-- Data for the task follows --

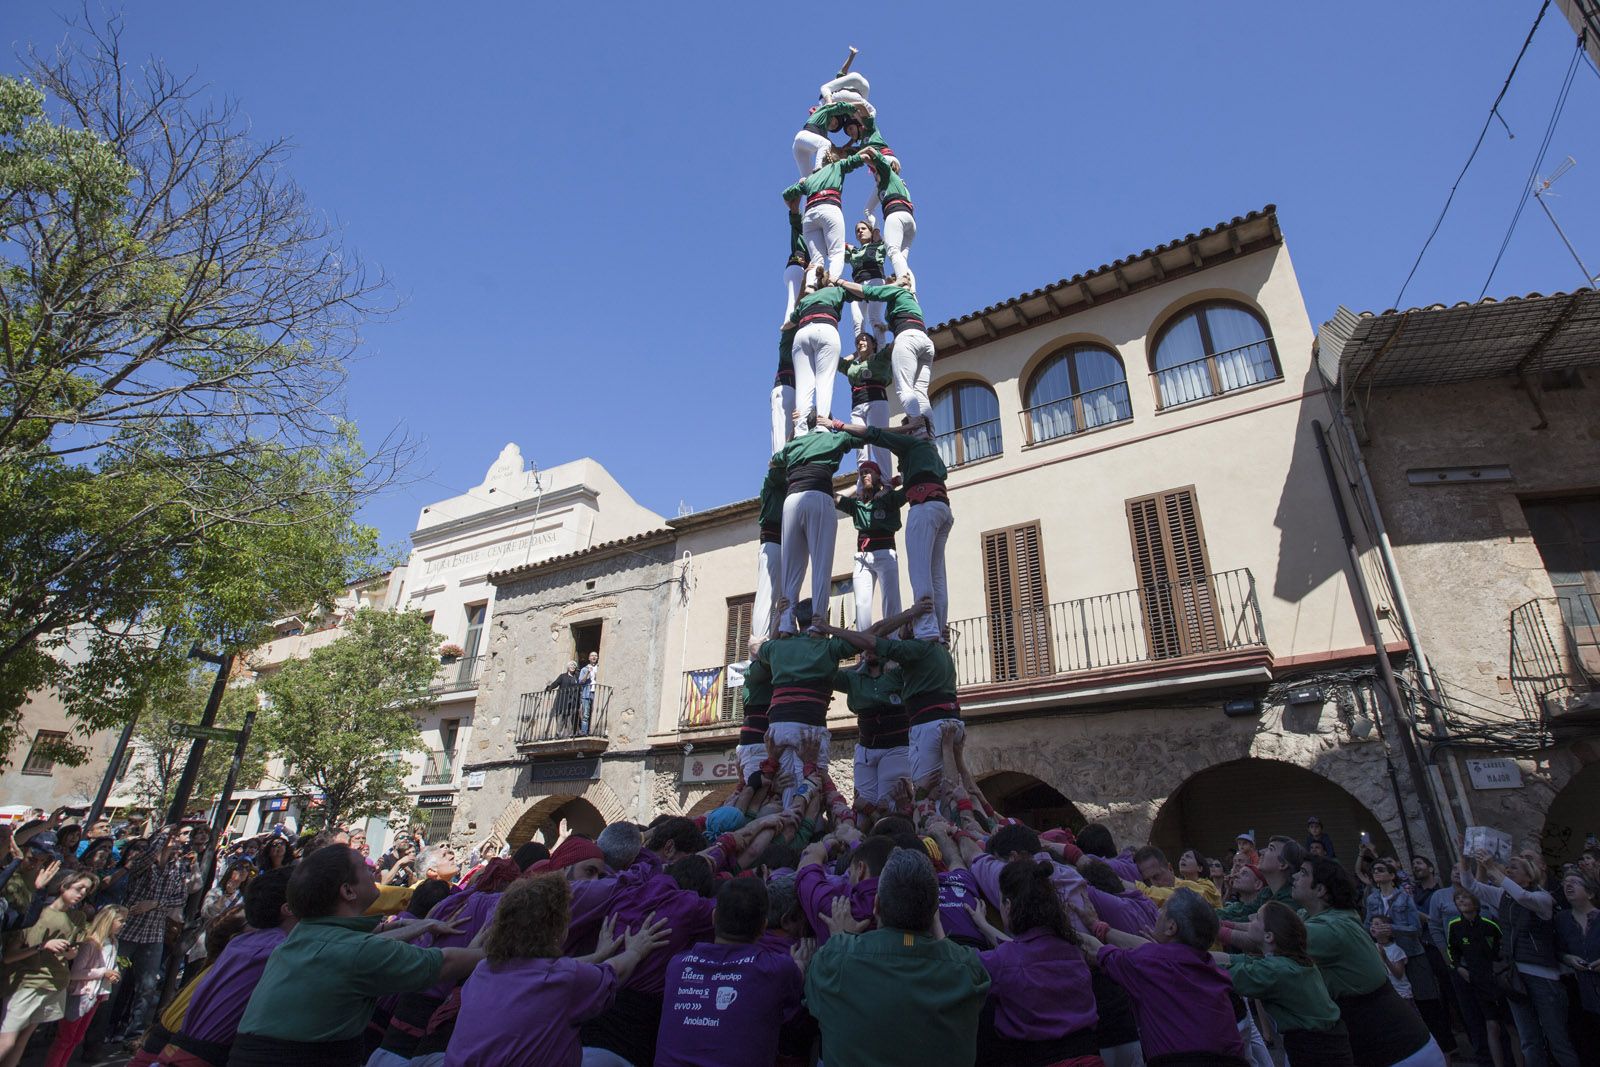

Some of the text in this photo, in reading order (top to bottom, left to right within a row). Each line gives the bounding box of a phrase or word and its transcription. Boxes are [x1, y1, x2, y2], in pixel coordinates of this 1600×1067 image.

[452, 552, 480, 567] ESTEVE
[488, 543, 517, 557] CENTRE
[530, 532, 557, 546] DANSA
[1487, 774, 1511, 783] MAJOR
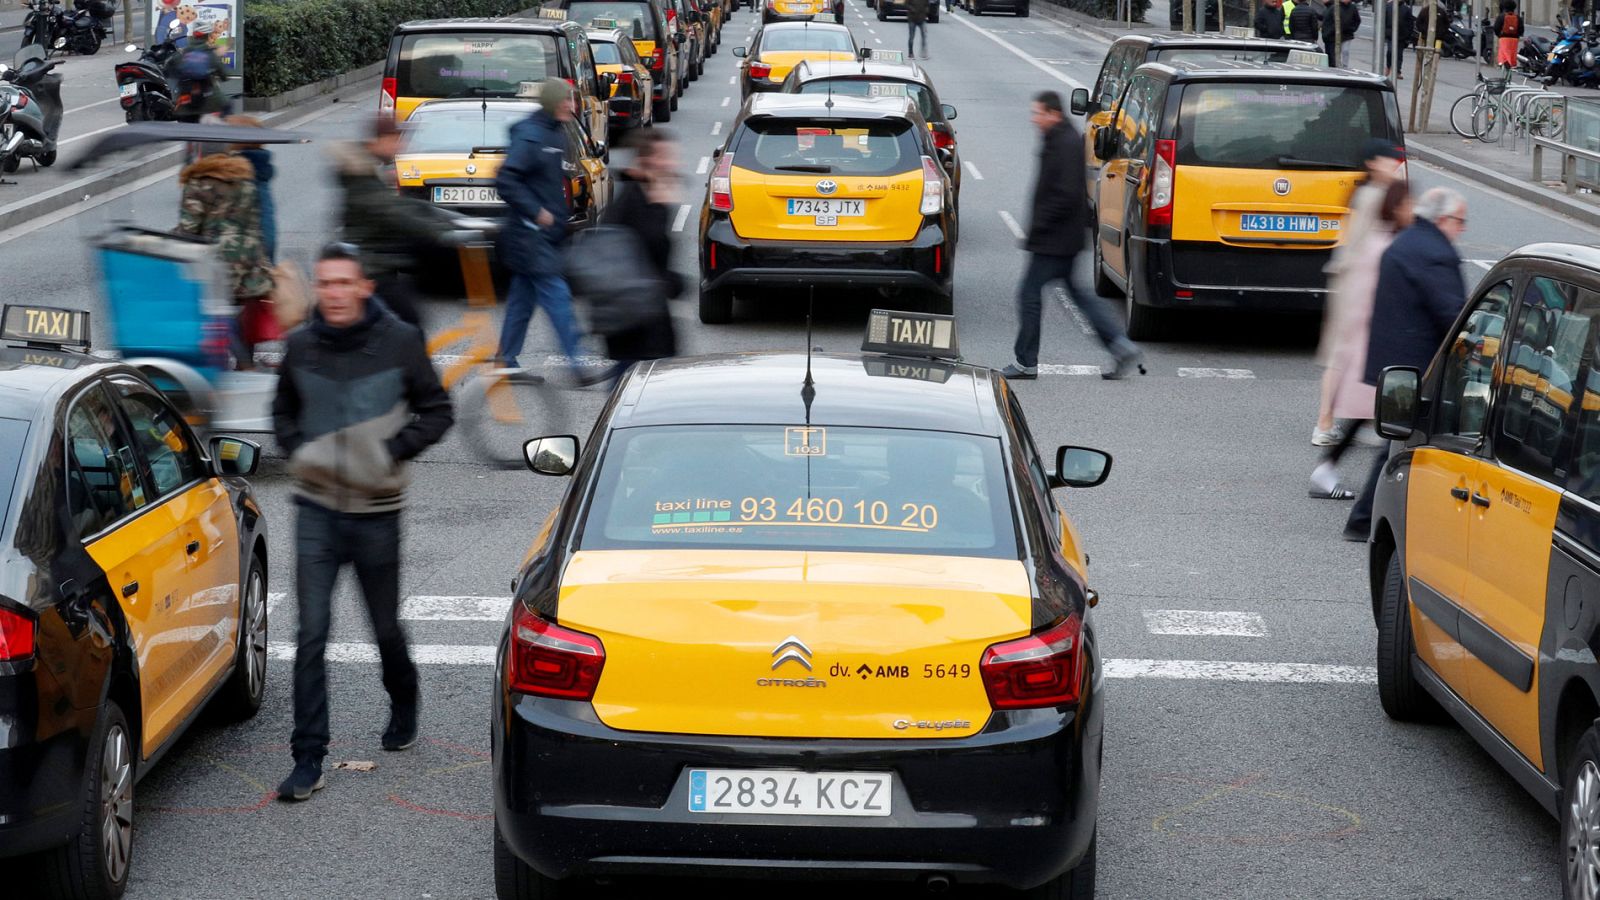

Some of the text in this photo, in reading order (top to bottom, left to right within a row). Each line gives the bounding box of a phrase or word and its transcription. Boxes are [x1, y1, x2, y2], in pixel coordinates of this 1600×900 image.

-- Data for the task concluded --
-- Data for the task follows --

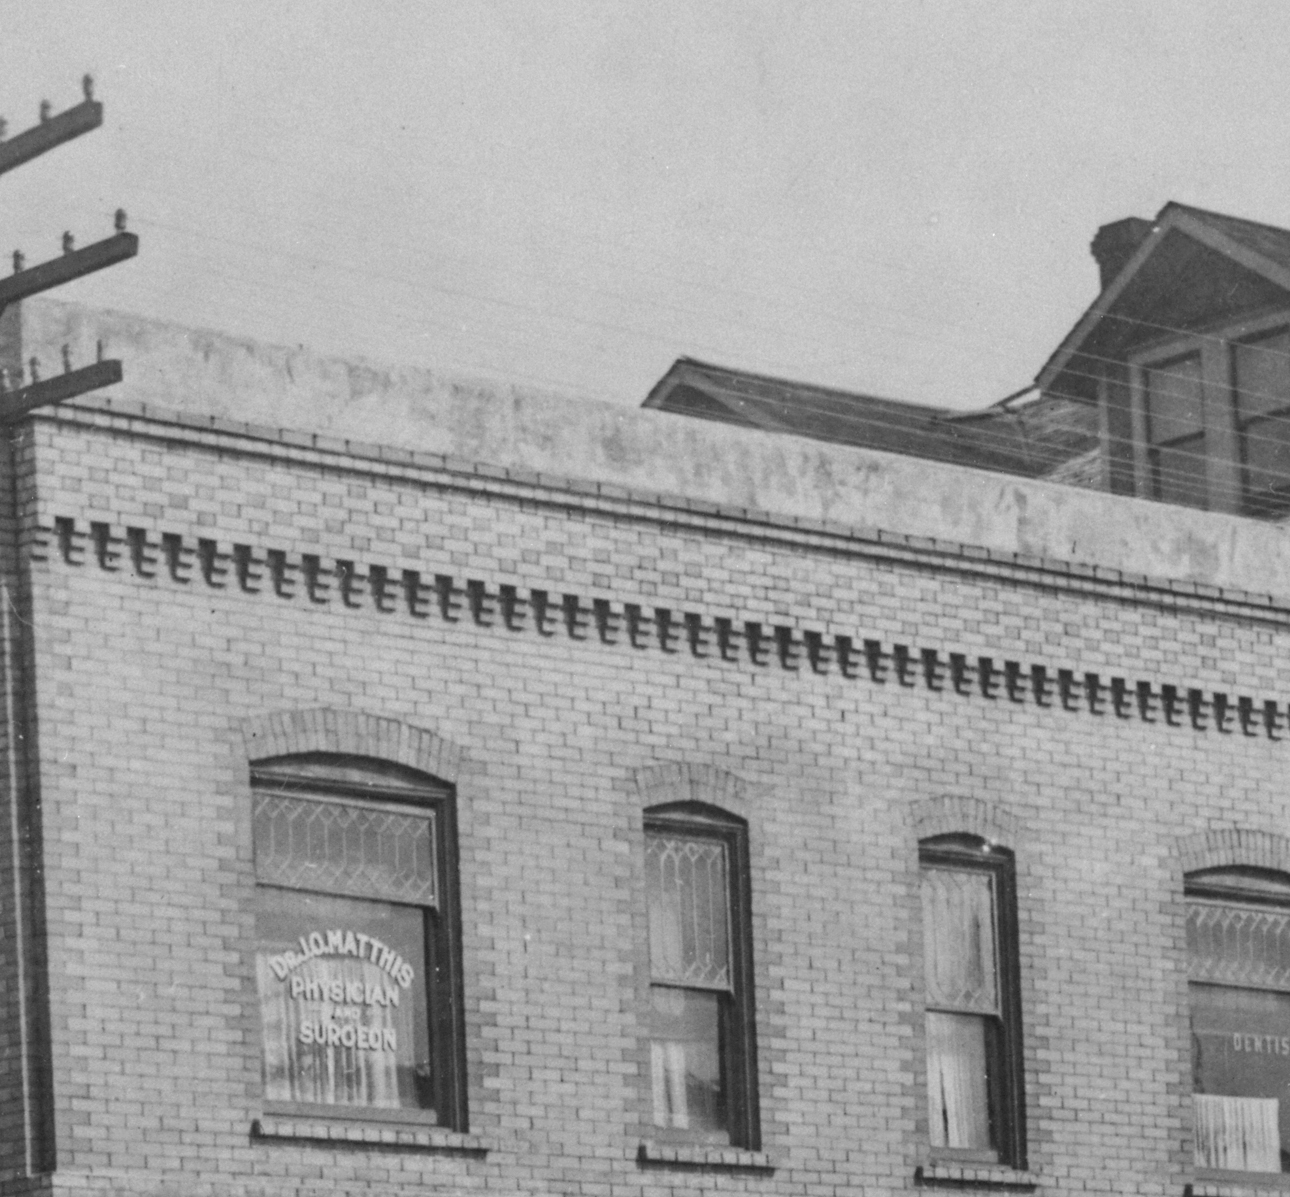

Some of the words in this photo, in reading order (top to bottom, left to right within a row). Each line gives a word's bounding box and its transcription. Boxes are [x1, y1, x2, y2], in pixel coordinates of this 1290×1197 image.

-- Data for the task concluded --
-- Data for the task follows --

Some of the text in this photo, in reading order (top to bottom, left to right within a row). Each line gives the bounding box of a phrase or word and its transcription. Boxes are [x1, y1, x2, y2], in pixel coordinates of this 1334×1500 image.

-- Data for the task concluded --

### About this task
From the records above, output only the lines starting at the one containing "this 1600×1067 image." and ending at the one containing "this 1600×900 image.", word for word. Pictures stay out.

### Answer space
Some of the text in this photo, in reading order (top to bottom, left to right within a row). Each line gives the bounding box of a phrase or word and its transcription. Boxes are [x1, y1, x2, y2], in pixel coordinates of this 1600×1067 image.

[452, 552, 480, 567] ESTEVE
[488, 543, 517, 557] CENTRE
[530, 532, 557, 546] DANSA
[1487, 774, 1511, 783] MAJOR

Some of the text in this photo, in reading order (top to bottom, left to right within a row). Each line gives the bounding box of a phrase or word and its transcription. Boxes are [x1, y1, x2, y2], in pixel coordinates of this 1600×900 image.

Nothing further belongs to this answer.